Report a cura di Alessandro Elli
Foto di Simona Luchini
I Motorpsycho hanno ormai alle spalle trent’anni abbondanti di carriera ed un numero infinito di pubblicazioni, eppure un loro concerto sarà sempre un evento speciale, che i quattro preparano con cura maniacale, a partire dalla scaletta sempre differente e che animano sempre con un ardore ed una passione unici, e questa serata al Live Music Club non fa altro che confermare come la dimensione privilegiata per saggiare la qualità di questi musicisti sia quella dal vivo. I quattro artisti di Trondheim, infatti, non si risparmiano, regalando al pubblico accorso uno show lunghissimo (sfiorando le tre ore di durata) pieno di sorprese. In questo report vi raccontiamo com’è andata.

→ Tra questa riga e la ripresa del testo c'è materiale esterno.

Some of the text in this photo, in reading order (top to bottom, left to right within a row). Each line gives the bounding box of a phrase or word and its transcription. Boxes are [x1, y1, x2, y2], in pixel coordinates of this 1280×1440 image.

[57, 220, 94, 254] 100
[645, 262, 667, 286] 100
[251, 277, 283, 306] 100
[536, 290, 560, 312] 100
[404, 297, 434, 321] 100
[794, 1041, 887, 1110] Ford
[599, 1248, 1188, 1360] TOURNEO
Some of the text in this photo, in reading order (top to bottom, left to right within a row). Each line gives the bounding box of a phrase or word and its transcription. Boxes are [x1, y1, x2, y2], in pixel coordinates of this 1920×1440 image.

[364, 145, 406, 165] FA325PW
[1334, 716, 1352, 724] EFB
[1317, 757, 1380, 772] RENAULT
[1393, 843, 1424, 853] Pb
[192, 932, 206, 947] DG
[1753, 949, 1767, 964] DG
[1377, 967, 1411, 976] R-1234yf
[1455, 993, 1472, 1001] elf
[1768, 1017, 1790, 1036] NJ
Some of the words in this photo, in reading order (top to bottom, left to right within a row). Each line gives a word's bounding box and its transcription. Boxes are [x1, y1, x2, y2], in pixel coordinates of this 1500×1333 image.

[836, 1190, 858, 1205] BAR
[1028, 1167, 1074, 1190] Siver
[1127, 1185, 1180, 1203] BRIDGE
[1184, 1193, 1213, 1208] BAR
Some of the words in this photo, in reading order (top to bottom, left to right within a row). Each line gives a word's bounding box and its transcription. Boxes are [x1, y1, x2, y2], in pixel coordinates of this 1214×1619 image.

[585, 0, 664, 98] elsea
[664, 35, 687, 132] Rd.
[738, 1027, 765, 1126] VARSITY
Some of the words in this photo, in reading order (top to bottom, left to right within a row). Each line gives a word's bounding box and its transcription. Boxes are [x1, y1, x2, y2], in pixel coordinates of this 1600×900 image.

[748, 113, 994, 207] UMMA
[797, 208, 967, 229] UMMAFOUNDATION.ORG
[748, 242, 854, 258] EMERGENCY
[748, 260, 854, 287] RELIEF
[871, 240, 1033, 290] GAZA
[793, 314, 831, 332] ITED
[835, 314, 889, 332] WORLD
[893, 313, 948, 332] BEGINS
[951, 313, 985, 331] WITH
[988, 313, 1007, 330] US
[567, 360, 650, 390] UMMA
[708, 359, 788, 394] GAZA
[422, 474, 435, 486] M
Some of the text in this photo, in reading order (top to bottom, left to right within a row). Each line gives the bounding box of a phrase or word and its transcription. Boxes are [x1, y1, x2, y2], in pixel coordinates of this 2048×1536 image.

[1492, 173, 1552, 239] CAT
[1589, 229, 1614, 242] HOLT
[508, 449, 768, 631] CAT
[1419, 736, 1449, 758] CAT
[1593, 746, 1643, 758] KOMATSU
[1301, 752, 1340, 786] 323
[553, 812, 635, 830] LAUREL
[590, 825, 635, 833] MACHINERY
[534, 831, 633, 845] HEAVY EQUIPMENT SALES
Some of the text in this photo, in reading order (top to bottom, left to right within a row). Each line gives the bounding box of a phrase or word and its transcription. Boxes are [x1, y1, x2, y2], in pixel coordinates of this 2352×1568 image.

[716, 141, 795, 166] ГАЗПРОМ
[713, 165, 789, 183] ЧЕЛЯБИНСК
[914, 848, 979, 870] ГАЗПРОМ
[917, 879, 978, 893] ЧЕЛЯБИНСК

Chi conosce i Motorpsycho e li segue nei loro tour, sa benissimo che è impossibile prevedere cosa suoneranno durante un loro show: i norvegesi, infatti, sono allergici a qualsiasi tipo di convenzione in questo senso, e sono soliti cambiare scaletta ad ogni serata, non badando nemmeno troppo a proporre pezzi dell’album che stanno promuovendo. Quasi tutti i presenti saranno probabilmente andati a curiosare le setlist di Padova e Nonantola (dove, tra l’altro, hanno suonato “N.O.X.” in tutti i suoi quarantacinque minuti), senza però trovare dei ‘ganci’ per intuire cosa li aspettava; a dir la verità, l’orario di inizio, posto così presto e senza band di supporto, avrebbe potuto far supporre che sarebbe stata una serata particolarmente lunga, ma nessuno poteva presagire quanto.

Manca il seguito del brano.